* _ACTION ITEM_: Nothing but the pictures should be dropped; repeat the rest of the data below exactly.

* _EXTRACTED RECORDS_:
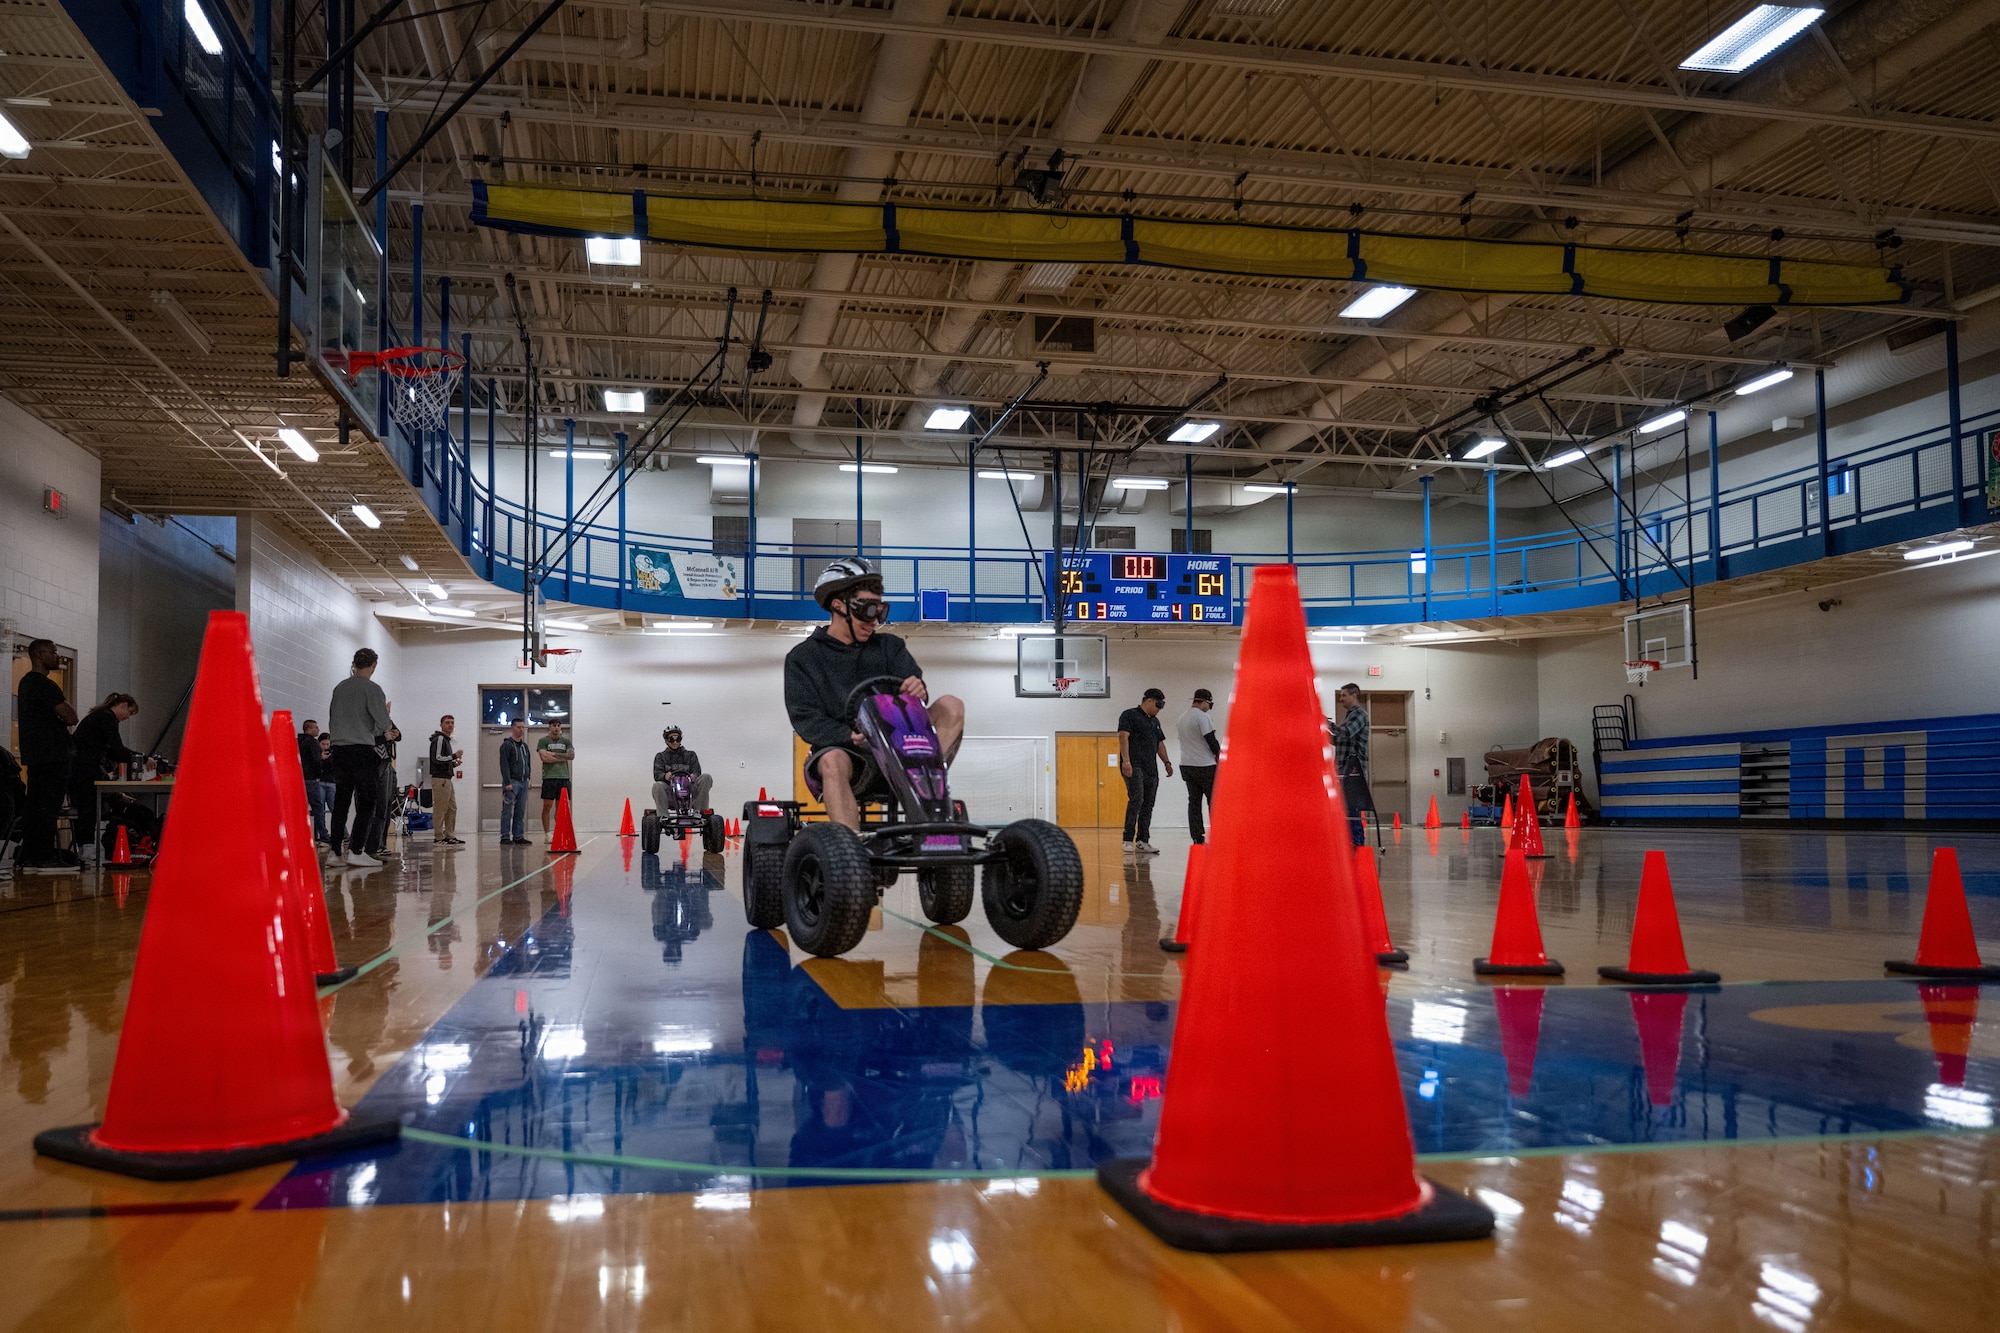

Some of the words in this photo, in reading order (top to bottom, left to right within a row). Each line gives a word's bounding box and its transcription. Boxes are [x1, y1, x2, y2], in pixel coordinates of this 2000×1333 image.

[1060, 558, 1093, 568] UEST
[1124, 556, 1154, 579] 0.0
[1187, 560, 1220, 571] HOME
[642, 579, 662, 591] TALK
[1114, 586, 1144, 594] PERIOD
[1198, 573, 1224, 596] 64
[1078, 601, 1089, 619] 0
[1096, 602, 1107, 619] 3
[1171, 603, 1183, 621] 4
[1192, 604, 1203, 621] 0
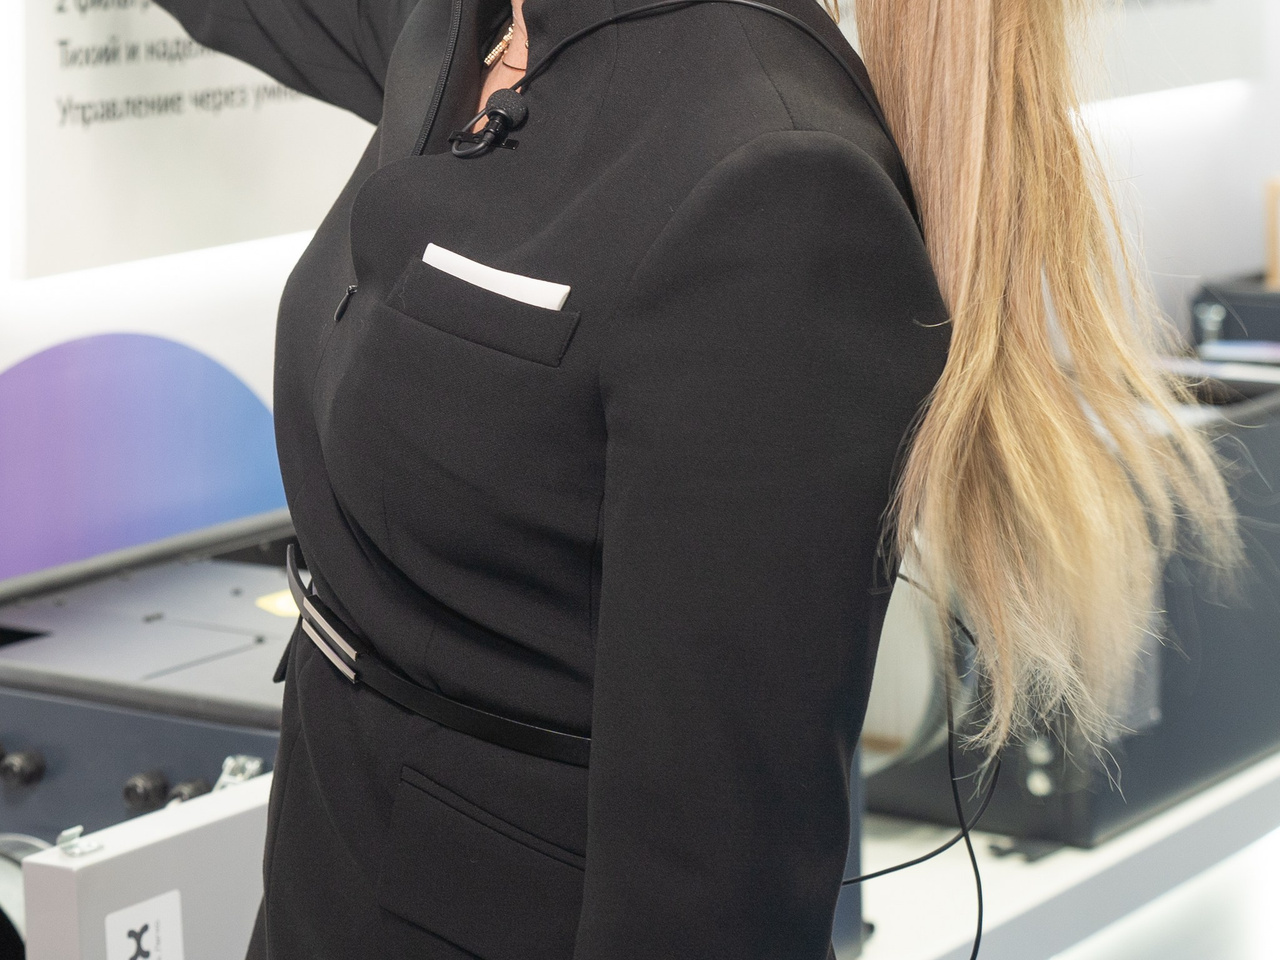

* _FINISHED TASK_:
Some of the words in this photo, in reading order (top to bottom, left to right within a row). Each line gives a word's bounding box and its transcription. Boxes are [x1, y1, x2, y2], in pixel coordinates of this 2000×1333 image.

[1060, 558, 1093, 568] UEST
[1124, 556, 1154, 579] 0.0
[1187, 560, 1220, 571] HOME
[642, 579, 662, 591] TALK
[1114, 586, 1144, 594] PERIOD
[1198, 573, 1224, 596] 64
[1078, 601, 1089, 619] 0
[1096, 602, 1107, 619] 3
[1171, 603, 1183, 621] 4
[1192, 604, 1203, 621] 0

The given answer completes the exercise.